The difficulty of estimating what chance the claimant had, if conservatively treated, of getting what job or jobs, and for how long they would last (in particular whether they would last as long as 55 or later), and the number of possible permutations of chances, are such that any attempt to do so comes close to speculation. I have, however, come to the conclusion, that it would not be just to decline to make any award at all because of the difficulty. To do so would be to give no weight to the fact that the defendant has coaching aptitude (hence his present employment), together with qualities of dedication and leadership. It would also assume that, if he had gone on playing until he was 31, he would have had no realistic prospect of receiving remuneration over the period from age 31 onwards greater than that which he receives now and will receive in the future.

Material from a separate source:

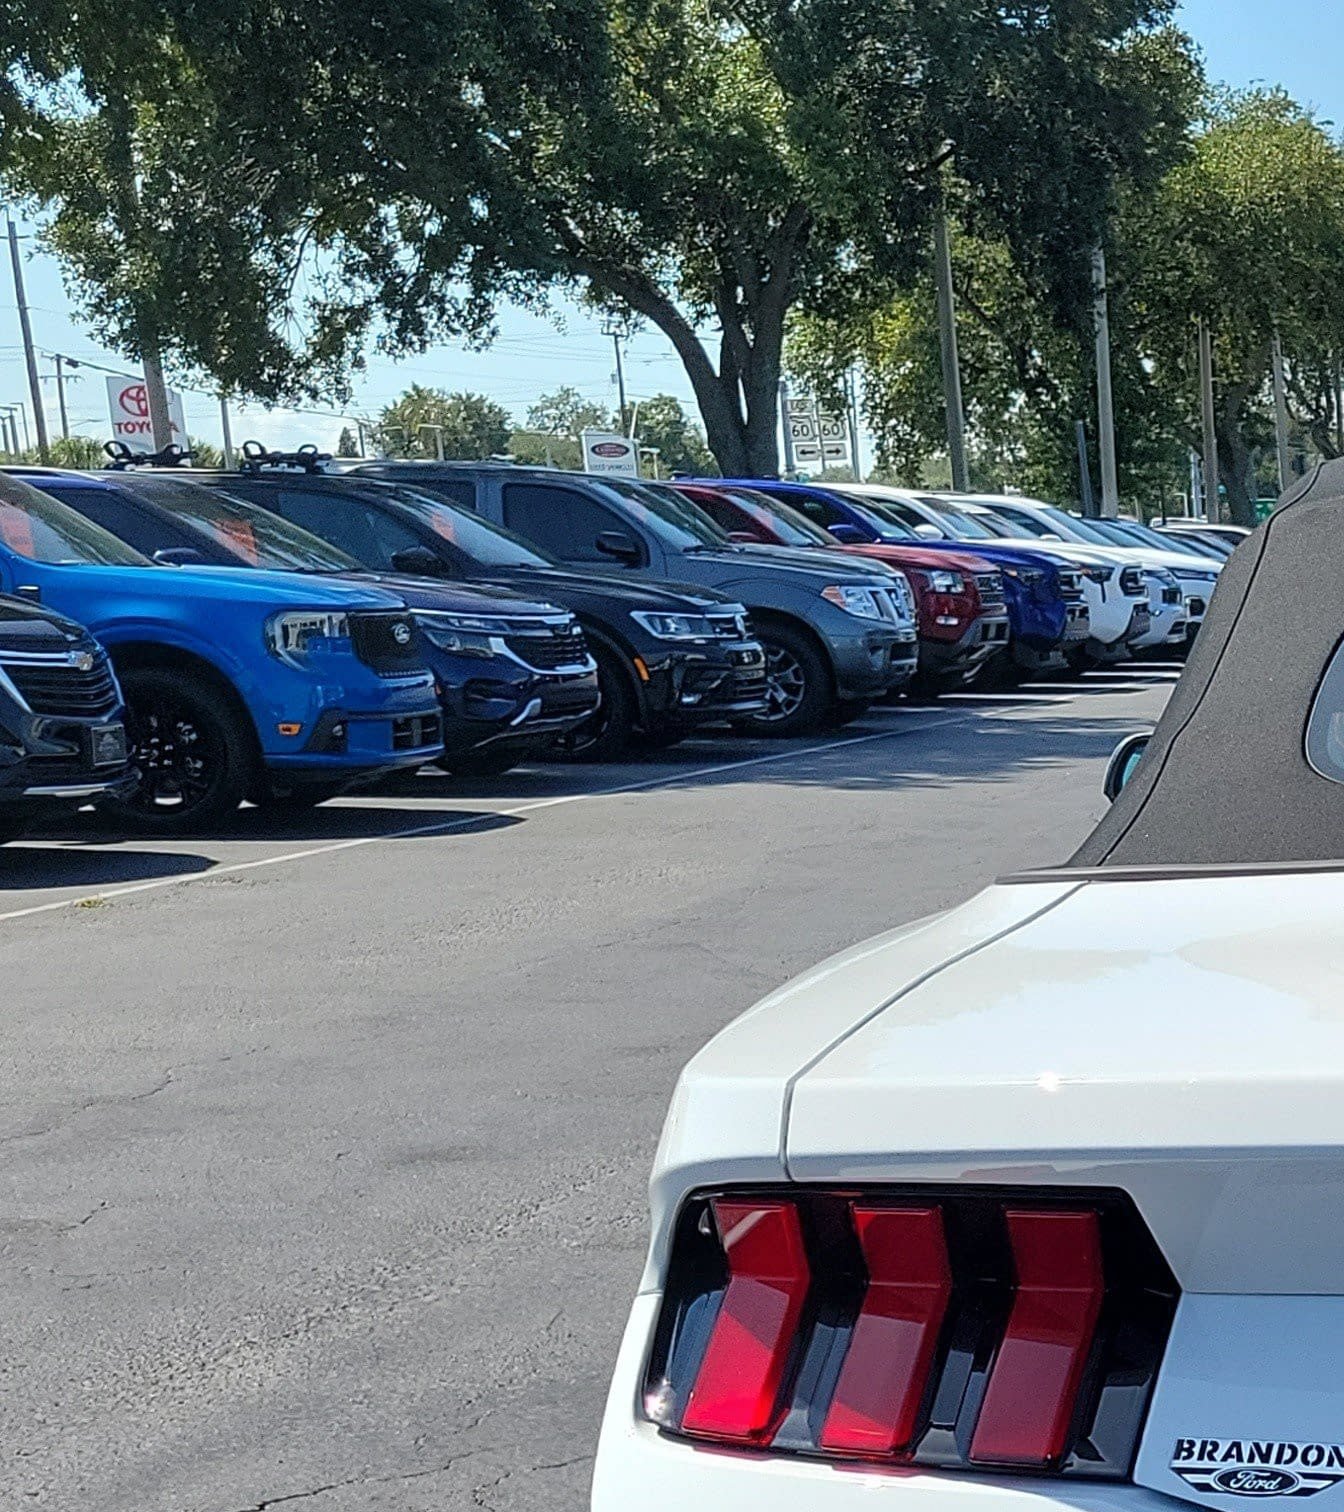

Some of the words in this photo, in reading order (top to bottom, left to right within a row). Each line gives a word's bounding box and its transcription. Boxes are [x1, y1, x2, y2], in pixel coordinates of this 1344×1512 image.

What I propose to do is to award a lump sum of £60,000. That figure should not be taken as a specific forward calculation. I have, however, used as a check the fact that it is broadly equivalent to taking a loss figure of £50,000 net less the £24,500 odd that represents the claimant’s present net income, applied over a 10 year period (for which the multiplier is 8.86) to which is then applied a percentage of 25%. That implies that the claimant has lost at least a 1 in 4 chance of becoming an assistant manager in the Championship (or equivalent) for a ten year period hereafter, or has suffered an equivalent reduction in his chances (e.g. the loss of a smaller chance of a benefit greater either in duration or amount).
Loss on account of acceleration of knee replacement surgery
I accept the evidence of Mr Williams that the claimant is likely, in the absence of the defendant’s surgery, to have needed replacement surgery to his right knee at 55 and that the defendant’s negligence has accelerated this by 5 years so that it is likely to be required when the claimant is 50. That means that he will have to spend the cost of that surgery five years earlier than would otherwise have been the case. The measure of his loss can be taken by the estimated cost of the surgery (£7,500) x 6% (an estimated interest rate) x 5 years = £2,250. This is to be discounted to reflect accelerated receipt 19 years earlier, by the formula £2,250 x 0.6255 = £1,407. I am not persuaded that the claimant is entitled to a sum in respect of the acceleration of a loss of wages that he will suffer on account of such surgery. It is impossible to tell whether he will in fact lose any earnings whilst undergoing surgery, or whether that loss will be (as the claimant contends) £5,000.
The earlier knee replacement is likely to necessitate a change of job. I accept the defendant’s submission that, given that the replacement will take place some 20 years from now, and given the uncertainties of the future, such loss is not capable of forward calculation; and a lump sum award is appropriate. I accept the defendant’s suggestion of £10,000.
Smith v Manchester
The claimant contends for £10,000. The defendant concedes £5,000. In my judgment £10,000 is the more appropriate figure. The effect of the earlier onset of the need for a knee replacement may have a significantly disadvantageous effect on the claimant’s position in the labour market.
Pension Loss
The parties have agreed the sum of £50,000.
I anticipate the parties will be able to calculate and agree the consequences of my conclusions.